Surgical Options for Stable Vitiligo Beyond MKTP: Suction Blister, Punch/Minigrafting, and FUE-Grafting

Key Takeaways

  • Indication: stable segmental or focal nonsegmental vitiligo that failed optimized medical/light therapy.
  • Confirm stability: no new/enlarging lesions, quiet rim on Wood’s lamp, negative VIDA across ≥2 visits 3–6 months apart.
  • Technique match: SBEG for color match on face/neck; punch/minigrafts for small, scattered plaques; FUE for leukotrichia and hairy areas.
  • Post-op light: NB-UVB or excimer accelerates spread from graft islands; start after re-epithelialization.

Candidacy & Stability Checklist

  • Subtype: segmental (prime) or localized NSV with stability.
  • Stability: no extension, no confetti/Koebner, quiet border on Wood’s; VIDA = 0 for 6–12 months preferred.
  • Prior therapy: adequate trial of NB-UVB ± tacrolimus / steroid pulses.
  • Realistic goals: color match, border blend; acral zones have lower yield.

Choosing the Technique (Decision Grid)

Table 1. Technique selection by site/need.
Scenario Preferred technique Why
Facial plaques, cosmetic priority SBEG Thin epidermal sheet → excellent color match
Small scattered macules (2–10 mm) Punch/minigrafts Fast “seeding” of islands
Leukotrichia / hair-bearing sites FUE Transfers melanocyte reservoirs with follicles
Acral borders Punch ± SBEG adjunct Higher resistance; consider combined approach

Suction Blister Epidermal Grafting (SBEG)
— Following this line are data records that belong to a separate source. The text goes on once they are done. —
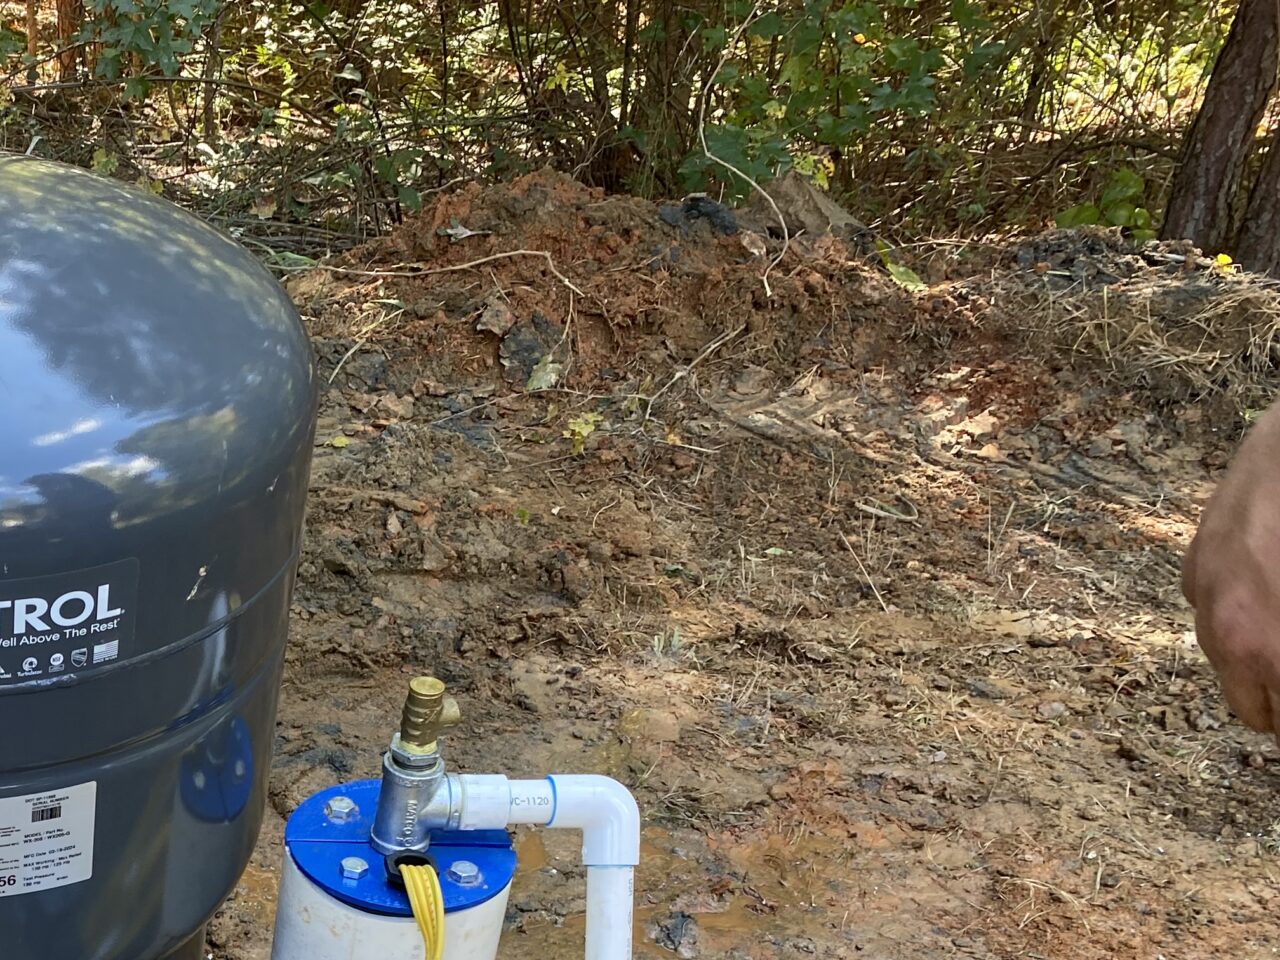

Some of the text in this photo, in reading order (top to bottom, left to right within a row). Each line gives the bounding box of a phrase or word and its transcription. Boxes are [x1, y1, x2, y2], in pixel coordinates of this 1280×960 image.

[19, 632, 60, 646] Above
[64, 628, 87, 639] The
[90, 620, 118, 634] Rest
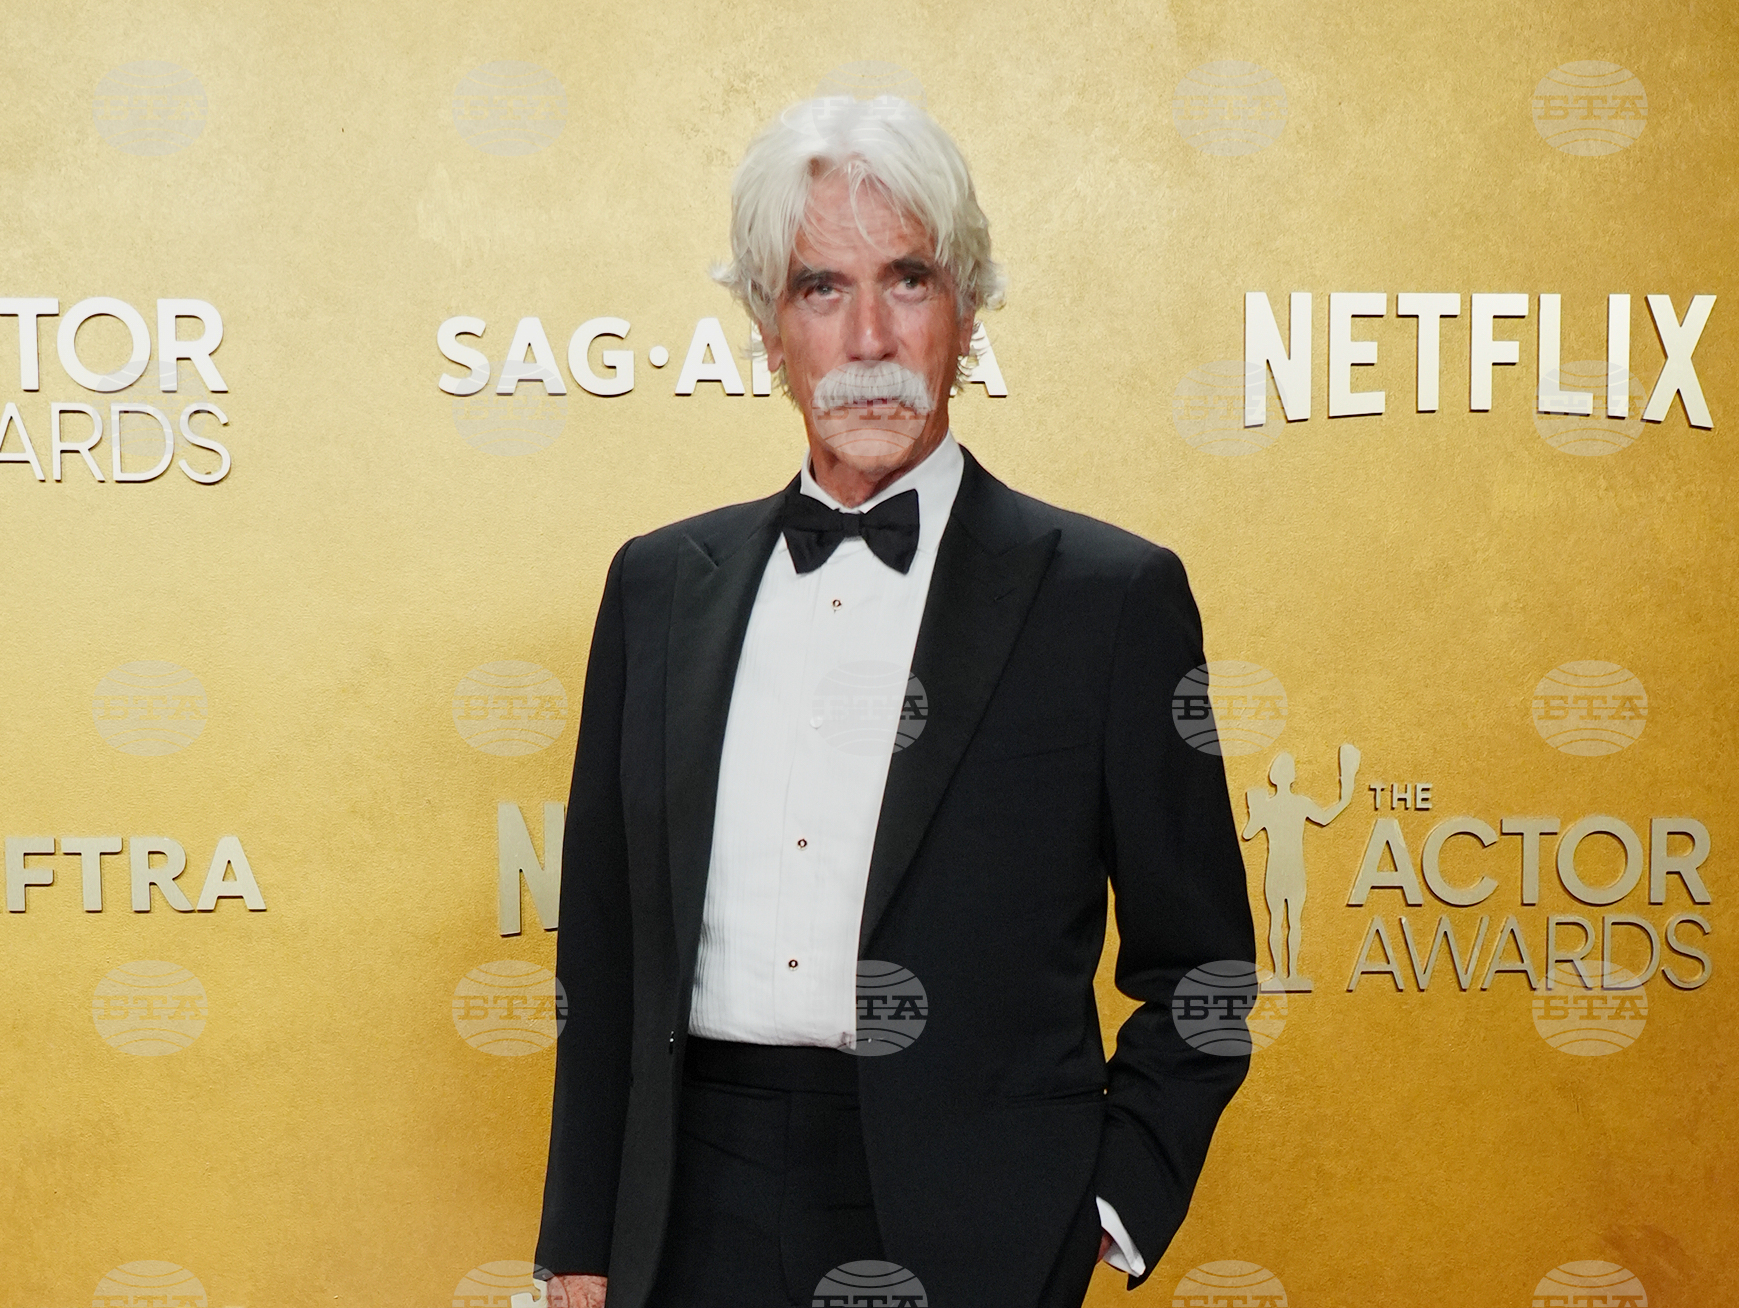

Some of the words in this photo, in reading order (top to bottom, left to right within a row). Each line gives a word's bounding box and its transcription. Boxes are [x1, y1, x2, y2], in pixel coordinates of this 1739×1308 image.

[0, 296, 229, 393] TOR
[1245, 291, 1718, 429] NETFLIX
[1369, 782, 1433, 810] THE
[5, 835, 267, 913] FTRA
[1347, 816, 1712, 907] ACTOR
[1346, 914, 1713, 991] AWARDS
  • Donor: thigh/hip; raise blisters (negative pressure, ~200–300 mmHg) under local anesthesia; harvest epidermal roofs.
  • Recipient: dermabrade to superficial papillary dermis until pinpoint bleeding; place epidermal sheets; secure with non-adherent dressing.
  • Pearls: keep orientation; avoid overlap/folds; immobilize for 5–7 days; start light after re-epithelialization.

Punch/Minigrafting

  • Donor punches: 1–1.5 mm; spacing on recipient 5–10 mm (“peppering”).
  • Depth: align to reach dermis without fat; avoid cobblestoning by size-match and gentle placement.
  • Use cases: digits, lips (careful), small plaques; can combine with excimer post-op to drive spread.

FUE-Grafting for Leukotrichia

  • Concept: transplant follicular units (occipital donor) into depigmented, white-hair areas to import melanocyte reservoirs.
  • Sites: brows, beard, scalp margins, perioral; improves both hair and perifollicular skin pigment.
  • Adjuncts: excimer/NB-UVB post-take to accelerate perifollicular spread.

Postoperative Care & Light Integration

  • Immobilize grafted area; avoid shear/friction; non-adherent dressings 5–7 days (SBEG) or per protocol.
  • Begin NB-UVB or excimer 308 nm after epithelialization (typically 1–2 weeks) to stimulate island expansion.
  • Tacrolimus on off-light days after wound closure to support repigmentation and reduce inflammation.

Expected Outcomes & Documentation

  • Track with standardized photos and local VASI for the graft field; expect perifollicular or sheet-edge spread in weeks to months.
  • Facial SV shows highest take-rate; acral digits lowest.
  • Define success as color match and border blend; discuss potential need for touch-ups.

Complications & Pitfalls

  • Instability relapse: screen carefully; active rim → defer surgery and treat activity first.
  • Cobblestoning (punch): oversize punches or superficial placement—use 1–1.5 mm and proper depth.
  • Mismatch/edge lines: ensure even dermabrasion (SBEG) and precise sheet placement.
  • Infection/hematoma: strict asepsis; compression where appropriate.